1. A mineral is usually a crystalline substance with (a) a specific chemical composition and (b) a specific crystal structure, So two minerals are not the same if there chemical compositions are the same but their crystal structures are different (e.g. enargite and tennantite, both copper arsenic sulphides). Or if their crystal structures are the same but their chemical compositions are significantly different (e.g. halite and sylvite, one is sodium chloride and the other potassium chloride).

enargite and tennantire (you can see the different crystal shapes despite them having the same chemical composition, making them different minerals)

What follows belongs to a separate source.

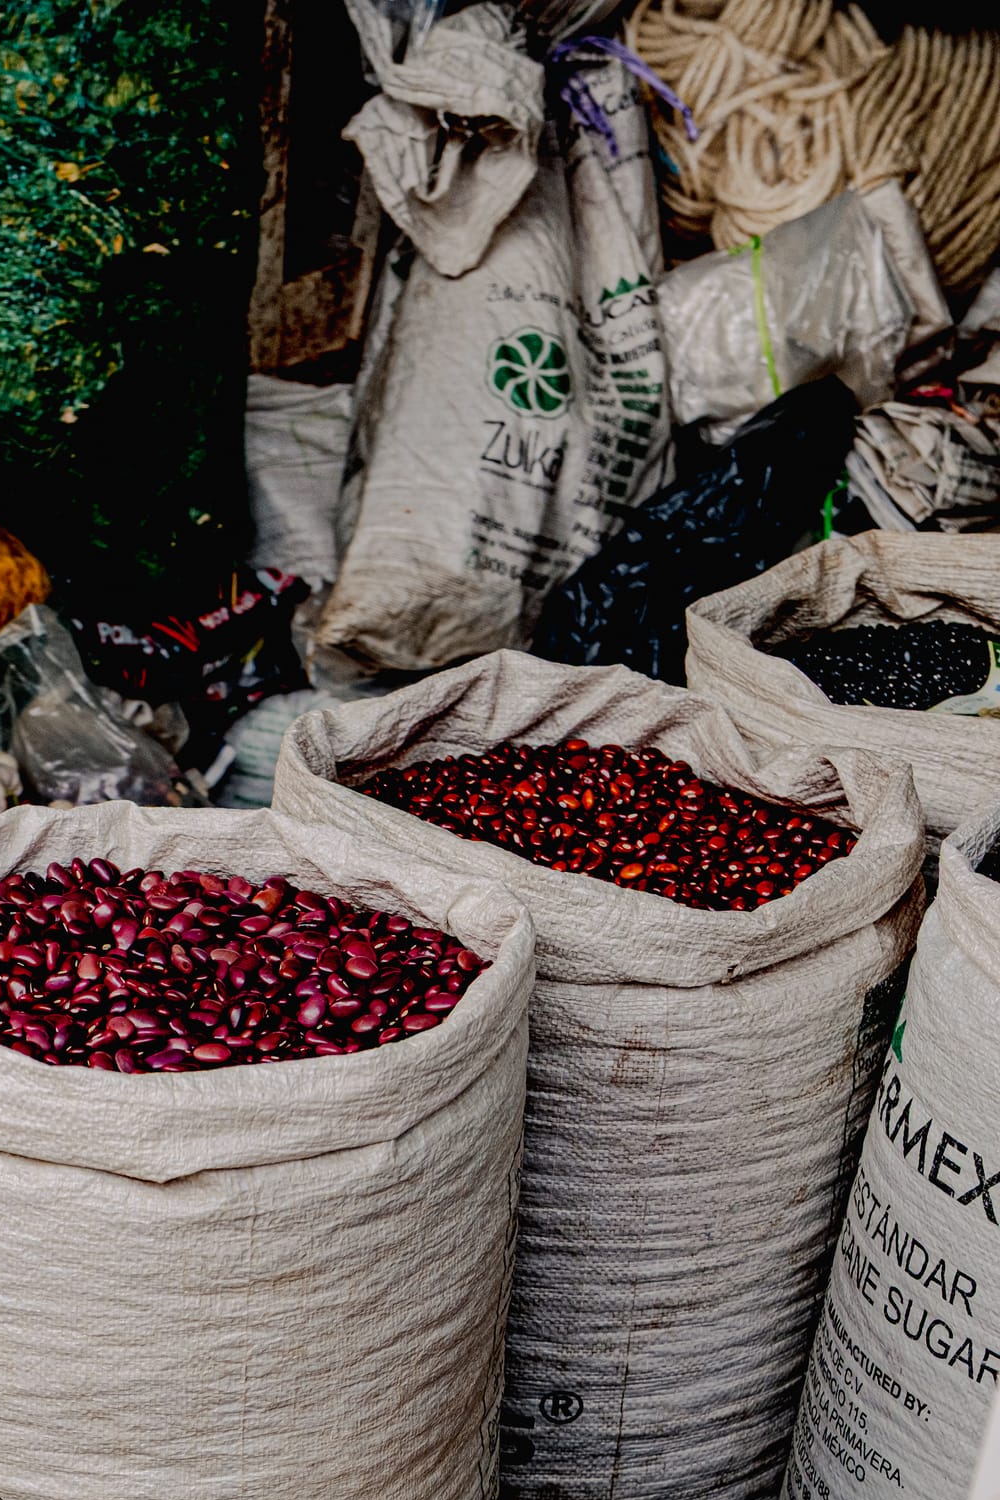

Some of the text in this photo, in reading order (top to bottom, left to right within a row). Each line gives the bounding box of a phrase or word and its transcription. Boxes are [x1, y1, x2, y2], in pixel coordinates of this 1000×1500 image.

[904, 1391, 932, 1422] BY:
[822, 1426, 866, 1482] MÉXICO
[829, 1408, 905, 1489] PRIMAVERA.
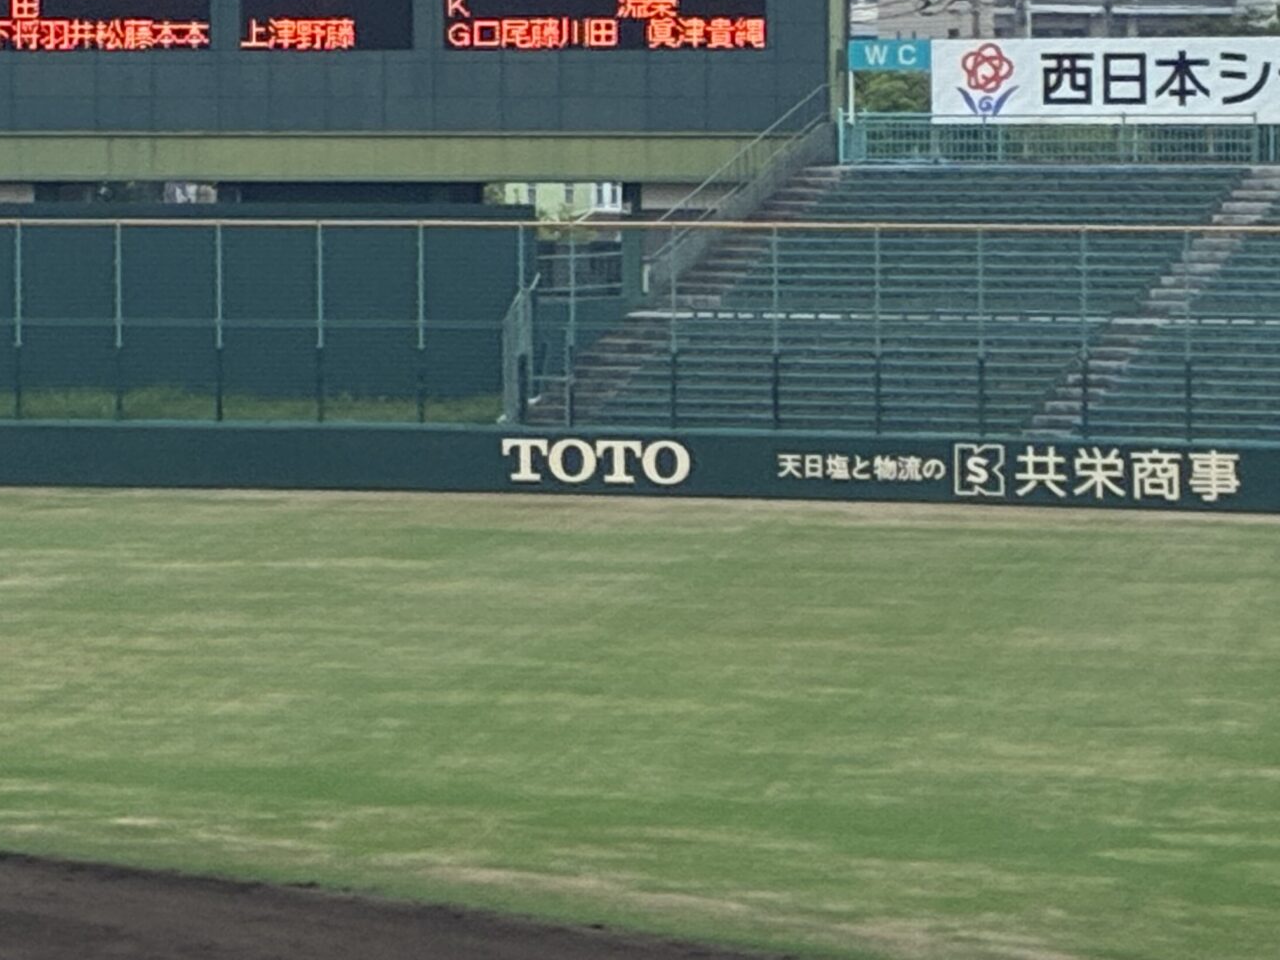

Halite and sylvite (identical crystal structures - in this case cubes, despite desite one being a sodium mineral and the other a potassium mineral (which makes them different minerals)





2. In a few cases a single mineral can grade continuously from one chemical composition to another, all with the same crystal structure (e,g, iron-rich olivine grades continuously to magnesium-rich olivine, although will usually have one specific composition at any one locality or in a particular rock sample or in a particular mineral vein). The old practice was to give different mineral names to the end members e.g. forsterite (Fo) for the magnesium olivine and fayalite (Fa) for the iron olivine, both also being called olivine. The tendency nowadays is to just refer to the mineral olivine and use a symbol to denote its relative composition as a pwercentage (eg Fo85Fa15). I find this practice confuses many people, because the old terms are still used by many people (I do it myself - I might say the olivine is fayalite or forsterite if it is dominantly magnesium or iron rch respectively). Habits of old timers, confusing for beginners.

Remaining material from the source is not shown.